Shared responsibility exposes a familiar identity problem: unmanaged credentials hide inside supposedly managed environments. That matters because cloud and MSP inheritance can make teams overlook service accounts, automation tokens, and delegated admin paths that still need lifecycle control. The broader pattern is credential sprawl across both human and non-human access paths, which undermines CMMC evidence quality and operational confidence.
Control ownership will increasingly be evaluated alongside evidence freshness. In regulated environments, the question is moving from whether a platform supports a control to whether the organisation can prove recent operation of that control. That is why CMMC teams should treat identity reviews, secret handling, and delegated administration as living processes rather than annual paperwork exercises. For the broader identity baseline, see Top 10 NHI Issues.
For practitioners
- Build a control ownership map before evidence collection Assign every CMMC requirement to Microsoft, the contractor, or the MSP, then document the decision in the SSP and SRM so assessors can trace ownership without ambiguity.

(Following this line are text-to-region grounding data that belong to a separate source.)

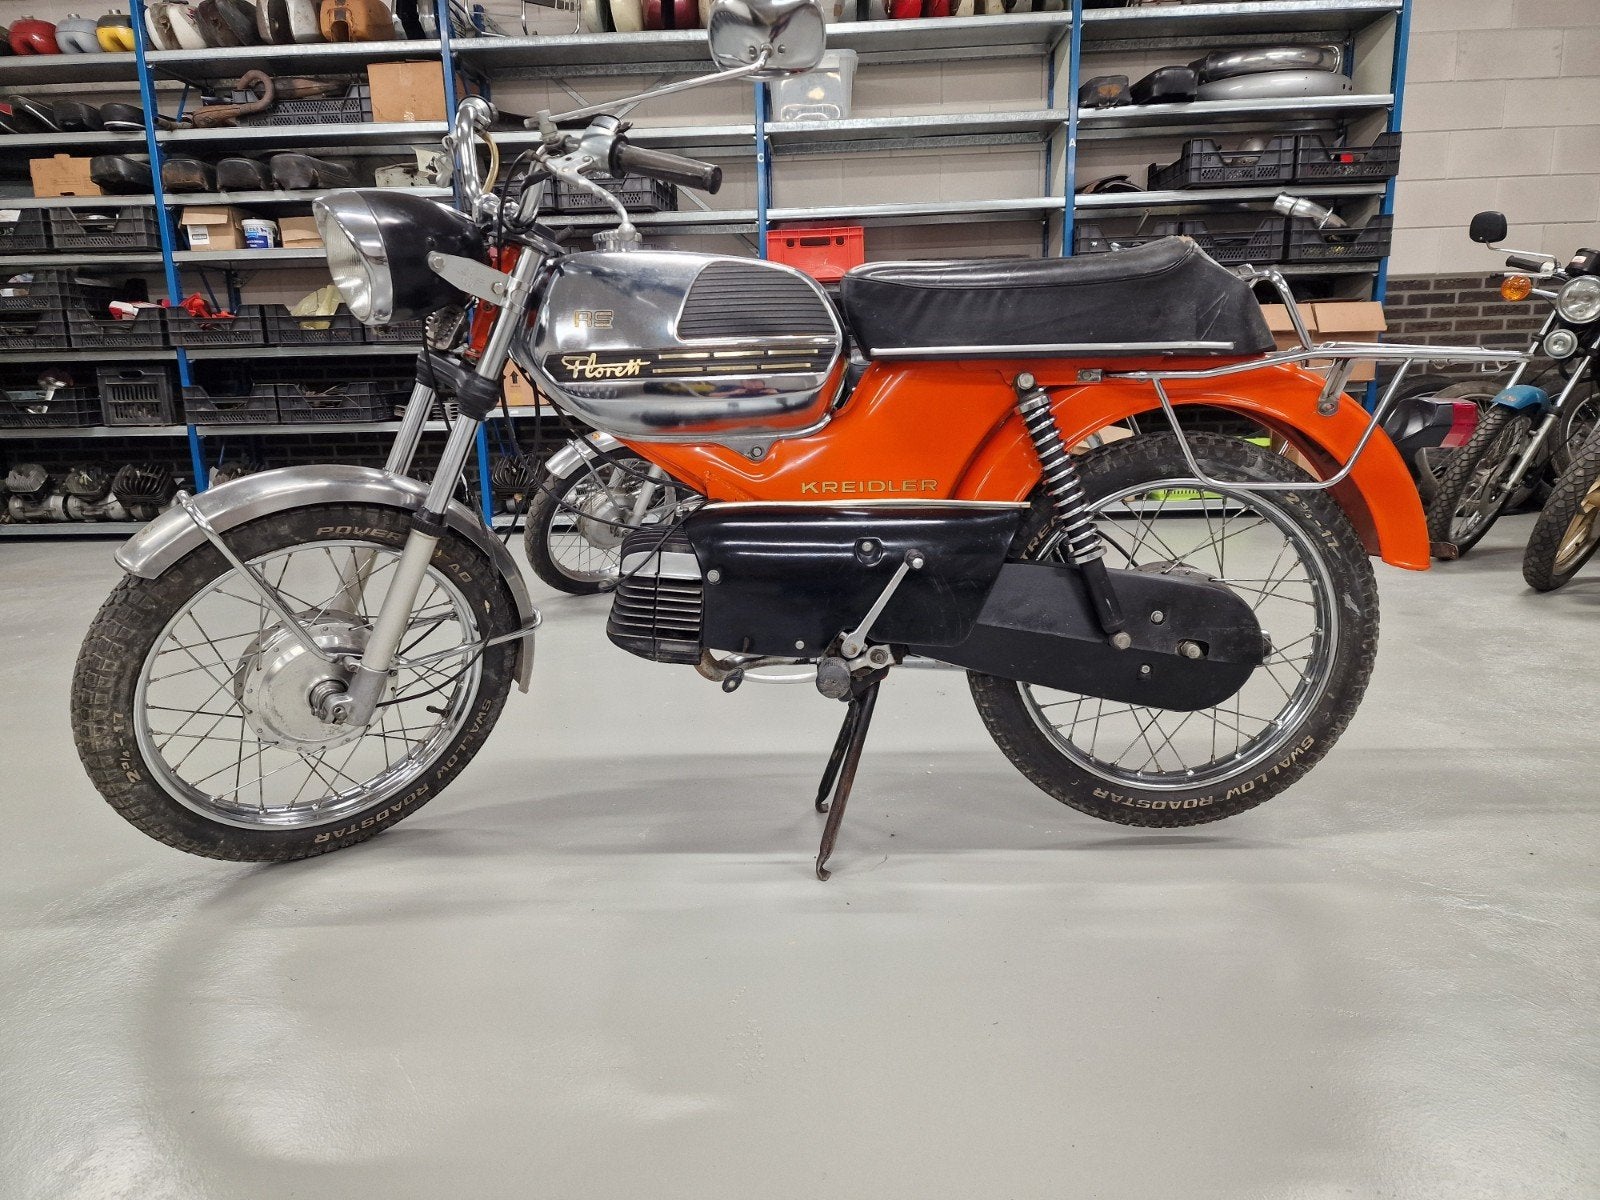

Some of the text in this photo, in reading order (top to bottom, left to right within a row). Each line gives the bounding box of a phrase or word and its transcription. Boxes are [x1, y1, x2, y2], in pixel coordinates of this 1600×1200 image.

[1069, 138, 1076, 147] A
[574, 309, 613, 329] RS
[561, 353, 651, 379] Florett
[801, 479, 938, 494] KREIDLER
[316, 526, 402, 541] POWER
[314, 699, 492, 843] SWALLOW ROADSTAR
[1092, 735, 1315, 810] SWALLOW ROADSTAR
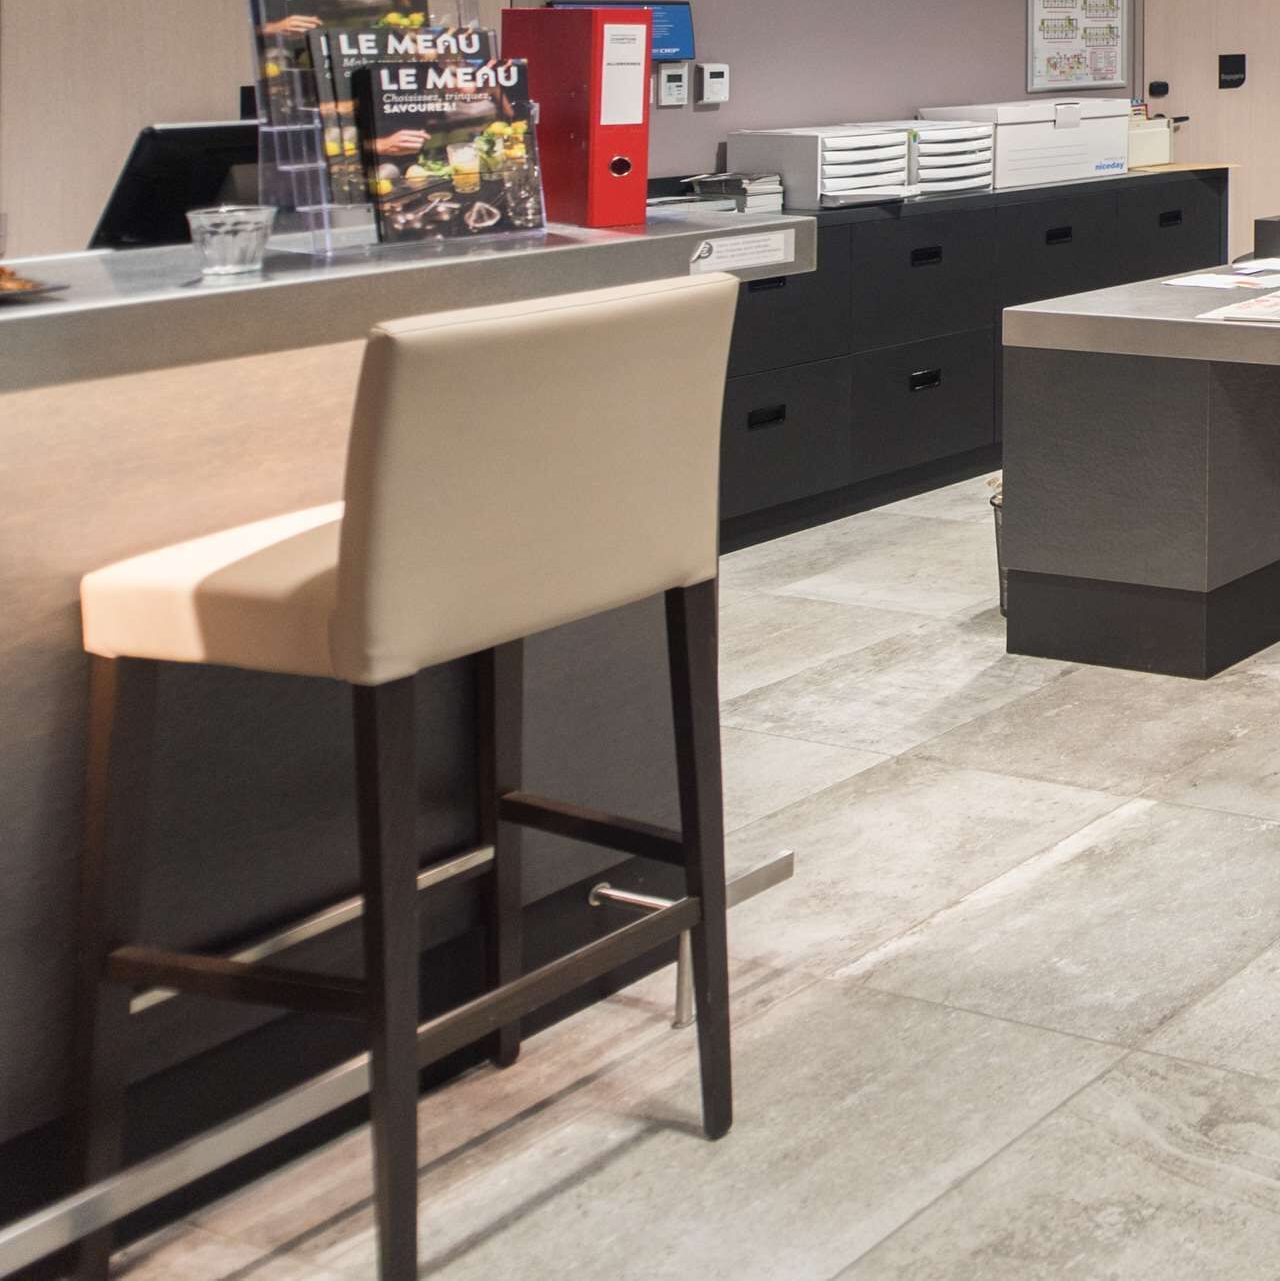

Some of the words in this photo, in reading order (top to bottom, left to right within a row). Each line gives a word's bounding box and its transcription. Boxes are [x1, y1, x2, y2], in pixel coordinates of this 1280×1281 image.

[338, 33, 378, 55] LE
[387, 33, 480, 55] MENU
[380, 68, 419, 91] LE
[426, 66, 518, 90] MENU
[382, 93, 442, 104] Choisissez,
[445, 91, 492, 103] trinquez,
[383, 103, 457, 114] SAVOUREZ!
[1095, 159, 1124, 170] niceday

- Verify identity controls beyond tenant defaults Confirm that Conditional Access, MFA, RBAC, and device restrictions are explicitly configured for CUI access, because default GCC High settings do not equal compliant identity governance.
- Turn audit logging into an operating process Define who reviews logs, how often, what events trigger escalation, and how retention aligns to the contract lifecycle, then keep evidence of those reviews.
- Document MSP execution and internal accountability separately Write down which tasks the MSP performs, which decisions the contractor retains, and who answers assessor questions when control operation is reviewed.
- Refresh the SRM whenever scope changes Update the shared responsibility matrix when services change, workloads move, or new systems enter scope, because stale responsibility mapping becomes an assessment finding.
Key takeaways
- GCC High can inherit security capabilities, but it does not inherit compliance accountability.
- The most common CMMC failure mode is not missing technology, but undocumented ownership and weak evidence.
- Identity configuration, privileged access, and audit review are operational controls that must be proven, not assumed.
Standards & Framework Alignment
This section maps relevant standards and security frameworks to the operational risks and controls described in this guidance.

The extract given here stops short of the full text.